The 1949 World Expo held in Port-au-Prince created an opportunity for the Haitian Government, led by Dumarsais Estimé, to attract international attention to Haiti and to develop its tourism industry. Haiti tourism in the 1960s was up and down during the François Duvalier “Papa Doc” regime.
In the the 1970s and early 1980s tourism in Haiti was booming under Jean-Claude Duvalier “Baby Doc”. Although Haiti was under a dictatorial regime, they at least understood the value of tourism. Haiti was known as the Paris and pearl of the Antilles. Haiti even received tourists from nearby islands who were impressed with its numerous unspoiled beaches, mountains, exceptional coffee, rum, creole food, art, religion, history and beautiful people.
On 12 January 2010, a 7.0 earthquake struck Port-au-Prince, devastating the city.
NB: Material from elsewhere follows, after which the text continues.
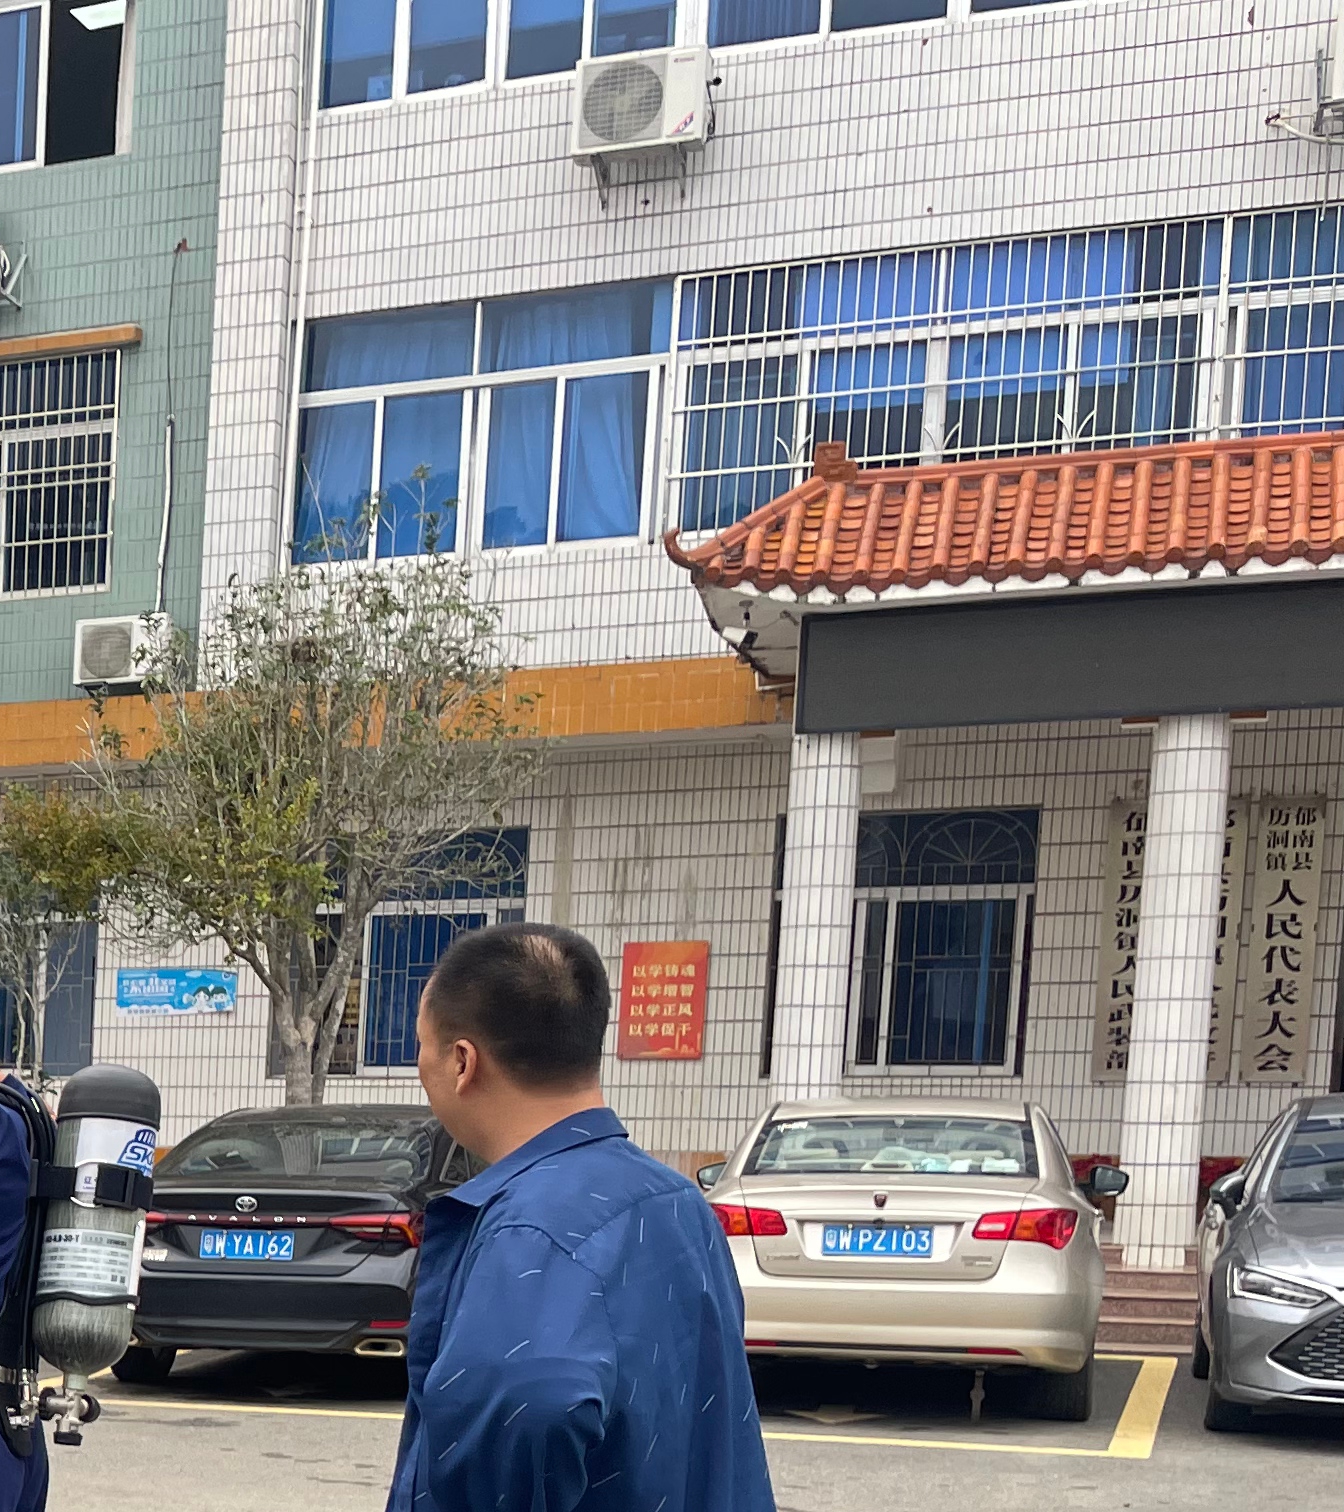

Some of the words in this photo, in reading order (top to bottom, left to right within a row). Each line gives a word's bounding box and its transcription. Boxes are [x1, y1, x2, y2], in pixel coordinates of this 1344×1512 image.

Most of the central historic area of the city was destroyed, including Haiti’s prized Cathédrale de Port-au-Prince, the capital building, Legislative Palace (the parliament building), Palace of Justice (Supreme Court building), several ministerial buildings, and at least one hospital. The second floor of the Presidential Palace was thrown into the first floor, and the domes skewed at a severe tilt. The seaport and airport were both damaged, limiting aid shipments. The seaport was severely damaged by the quake and was unable to accept aid shipments for the first week.
The airport’s control tower was damaged and the US military had to set up a new control center with generators to get the airport prepared for aid flights. Aid has been delivered to Port-au-Prince by numerous nations and voluntary groups as part of a global relief effort. On Wednesday, January 20, 2010, an aftershock rated at a magnitude of 5.9 caused additional damage. (Wikipedia)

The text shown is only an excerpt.